New product development is a very risky business. It can be a hit-and-miss affair and a game of winning and losing. Many new products fail (e.g. the Sinclair C5, Sony’s BetaMax, Apple’s Newton and so on) and there is very little chance of success. The risk is particularly high for radical product concepts, which are completely new to the market. There are several ways in which high-tech companies can minimise the hazards of new product development but many authors argue that the key to successful radical innovation is marketing orientation or customer focus (Rosen et al., 1998; Goldsmith and Flynn, 1992). However, others argue that firms should not allow themselves to be dictated to by customers’ needs and wants in designing and developing new products (Brownlie and Saren, 1992; Pearson, 1993). At this point it would be very useful to clarify what is meant by the terms ‘marketing orientation’ and ‘radical innovation.’

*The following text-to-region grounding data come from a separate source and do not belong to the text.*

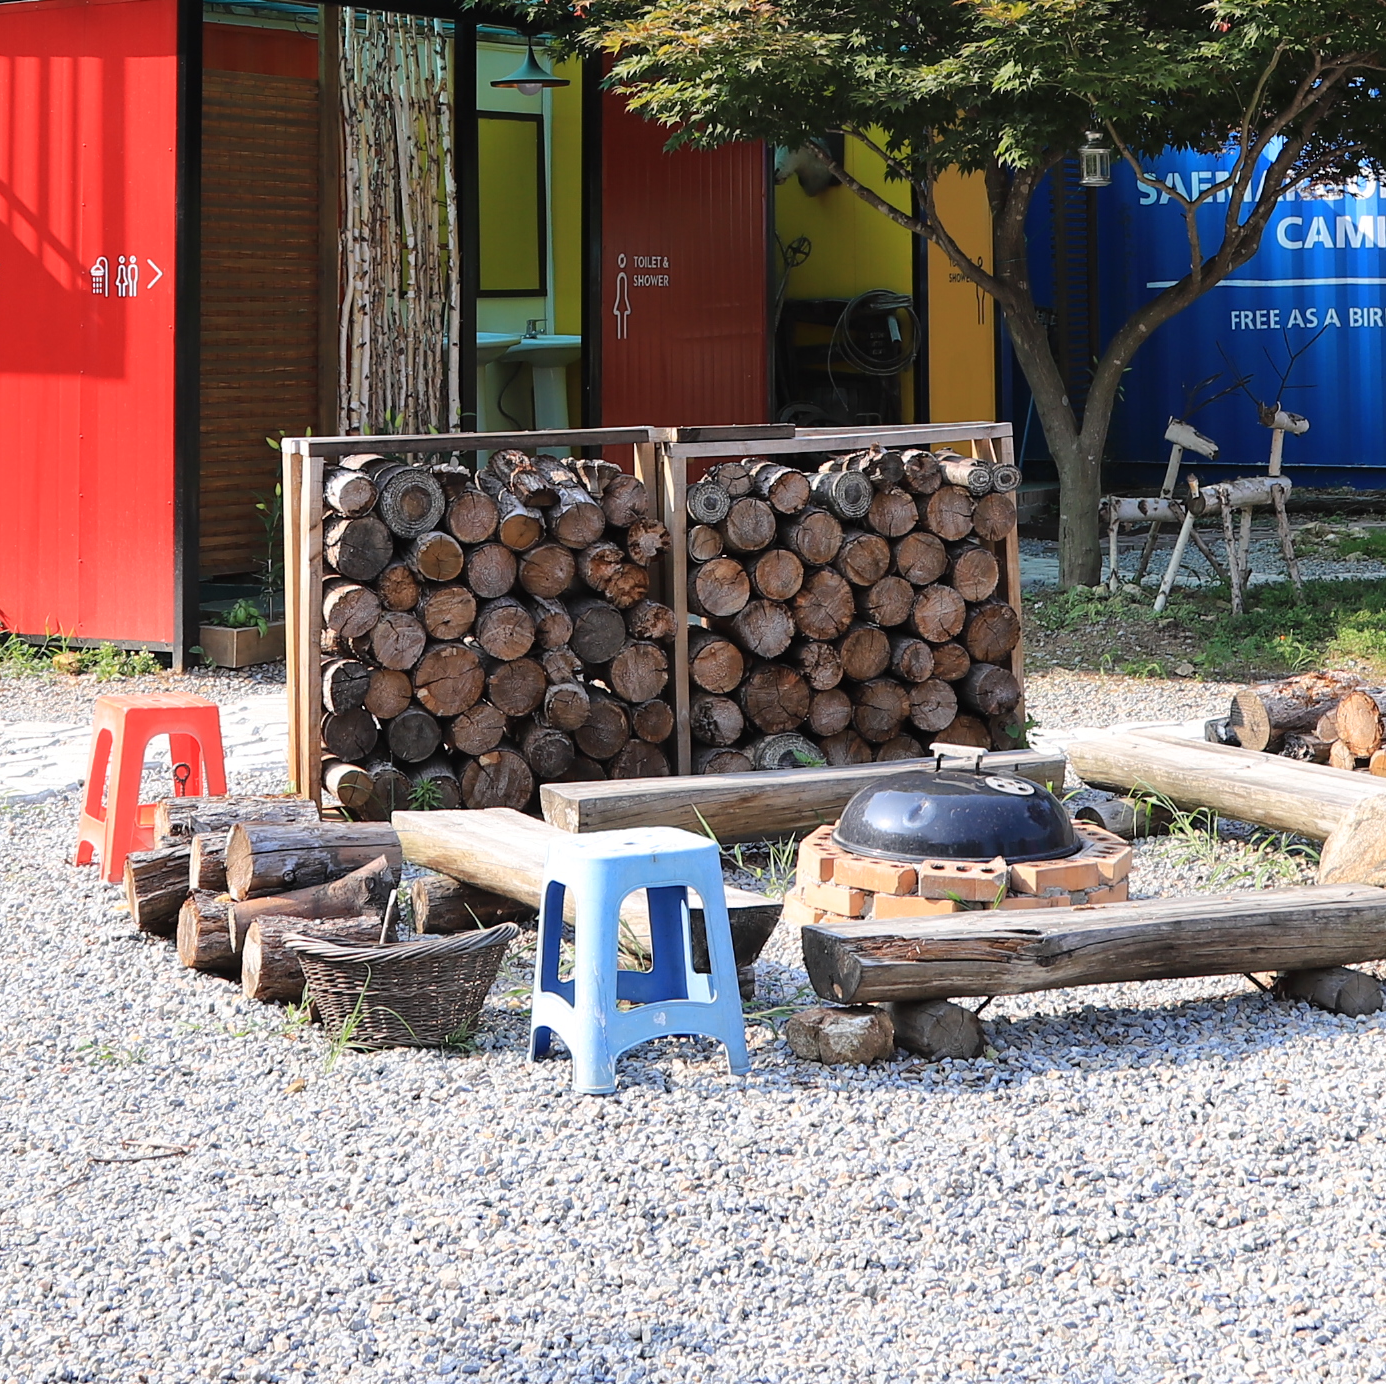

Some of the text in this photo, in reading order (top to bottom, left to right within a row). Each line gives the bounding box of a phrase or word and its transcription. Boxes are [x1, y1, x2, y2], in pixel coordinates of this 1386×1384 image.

[633, 256, 670, 268] TOILET &
[633, 274, 669, 287] SHOWER
[949, 273, 974, 283] SHOWE
[1230, 309, 1281, 331] FREE
[1286, 308, 1318, 329] AS
[1323, 307, 1342, 328] A

Market-orientated firms put consumers ‘at the centre of the commercial universe’ whereby all their activities (i.e. marketing, purchasing, finance and manufacturing) revolve around the consumer (Keith, 1960). Lancaster and Massingham (1998) define a market-orientated firm as follows:

A market-orientated firm produces goods and services that the consumer wants to buy rather than what the firm wants to make (p. 6).
Radical innovation involves the development of a completely new product concept. This includes many examples such as the steam engine, the car, television, compact disks, computers and Sir Frank Whittle’s jet engine (Andrews, 1975).
In this discussion, three arguments against a market-orientated approach will be examined. After this, three arguments in favour of market orientation will be considered. Finally, this debate will conclude by stating whether a market orientation is really useful for successful radical innovation.

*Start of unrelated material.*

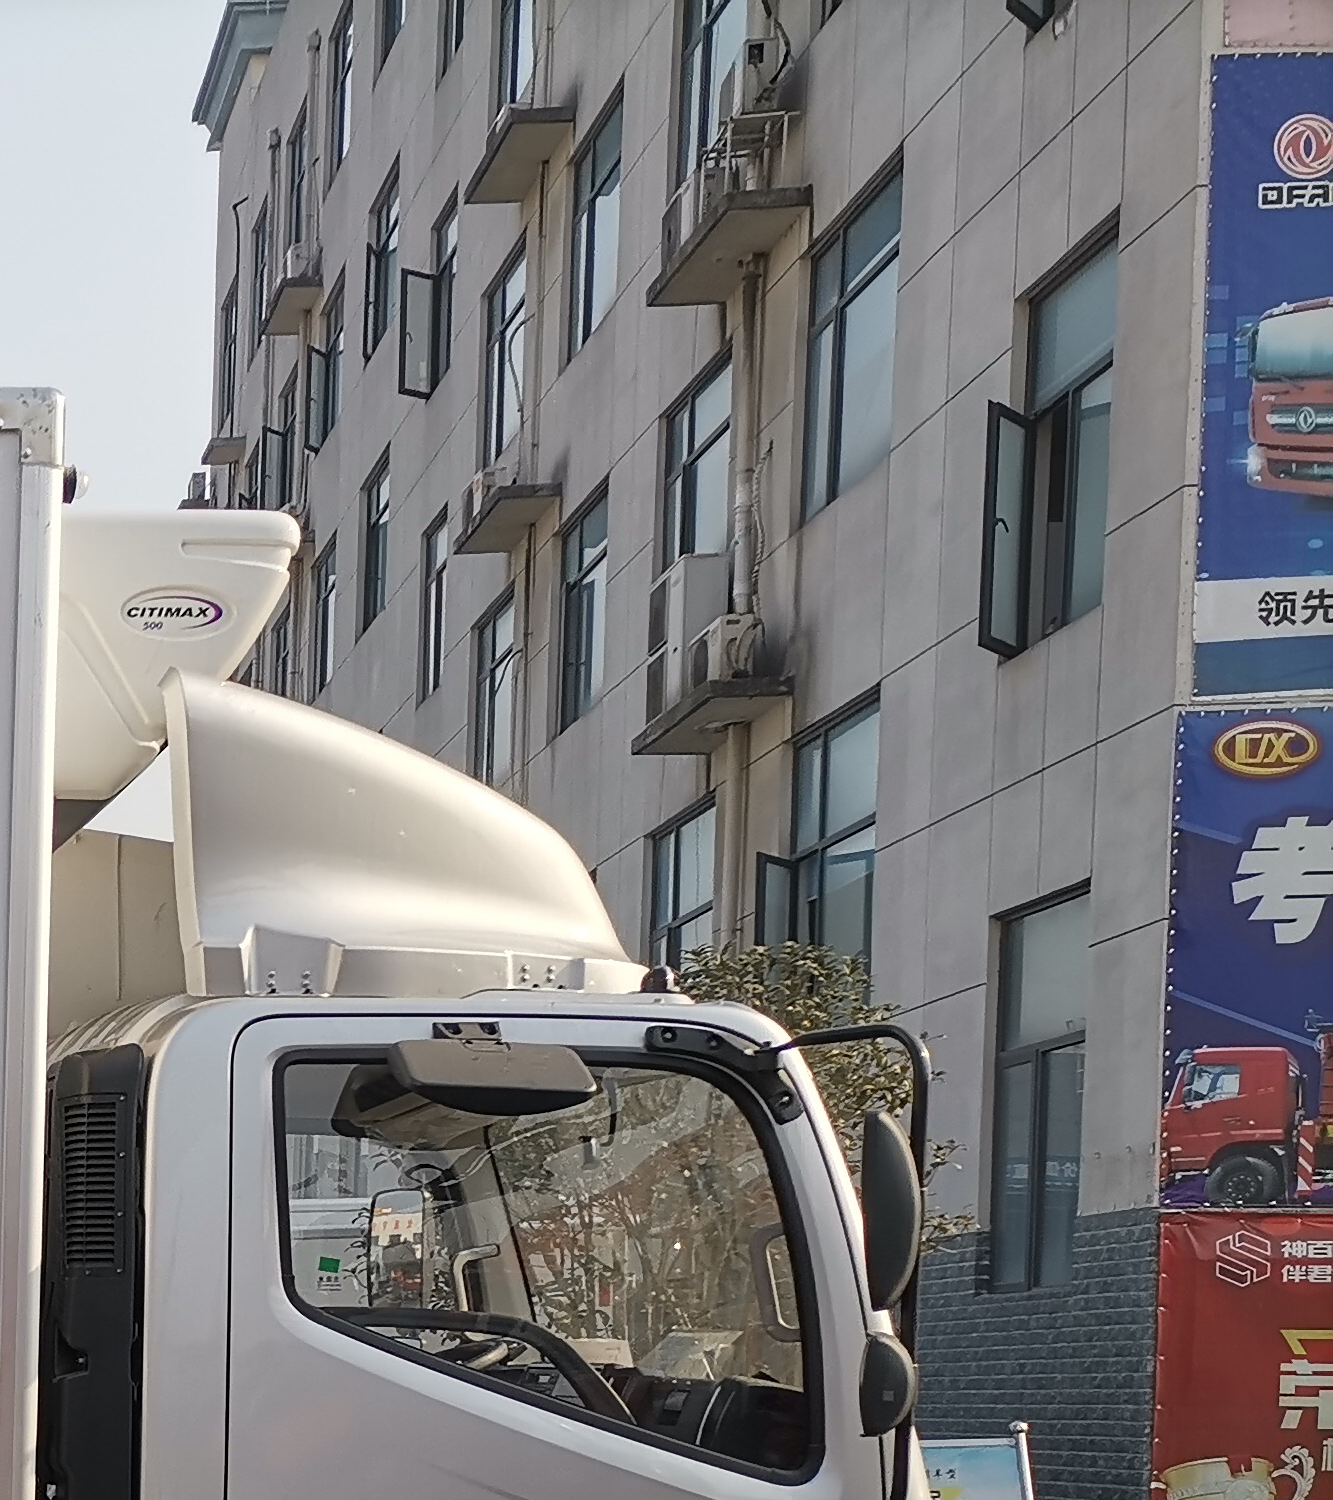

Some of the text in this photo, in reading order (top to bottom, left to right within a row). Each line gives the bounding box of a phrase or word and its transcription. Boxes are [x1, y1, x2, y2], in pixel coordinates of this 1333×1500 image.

[127, 607, 210, 618] CITIMAX
[1258, 588, 1333, 627] 领先
[142, 621, 164, 631] 500

Arguments against adopting market orientation

The first argument against a market-orientated philosophy is that consumers cannot possibly articulate their own needs and wants for things that go beyond the realms of their own experience; i.e. for new product concepts that are yet to exist.

Several basic marketing textbooks prescribe that firms should develop and sell products that meet customer needs and wants and this stipulation includes new product development. However problems arise when there is no established need or benefit in the consumer’s mind regarding new product concepts. This in turn makes marketing research very difficult and therefore it is argued that, under these circumstances, market research discourages major innovation (Tauber, 1974). Tauber argued that early adopter behaviours are not valid predictors of later adoption behaviours. By that he meant that the time span of test markets (six months to two years) and semi-controlled experiments isn’t long enough, particularly for discontinuous (radical) innovations. Major innovations that require a significant change in behaviour will take longer to gain acceptance from the general public. Tauber uses birth control pills as an example. These required a complete restructuring of public thinking. Since the diffusion process takes longer for radical innovations, the innovations are more likely to perform poorly during the testing period. Hence a long-term view is necessary for marketing discontinuous products.

Tauber also argues that market research ignores the social interaction that occurs in the diffusion process. Market research tends to simulate conditions that consist of isolated individuals and individual demand curves are then summed up to give aggregate demand. Group interaction is particularly important for discontinuous innovations, as the risk of purchase is very high, whereby the purchaser is ambivalent about the product’s performance and/or about the peer group reaction to adopting the product. For example, low fat fruit yoghurt, during its launch stage, was seen as a ‘health-nut food with an awful taste.’ However, as more people started to try the product, it was increasingly accepted (Tauber, 1974, p. 24).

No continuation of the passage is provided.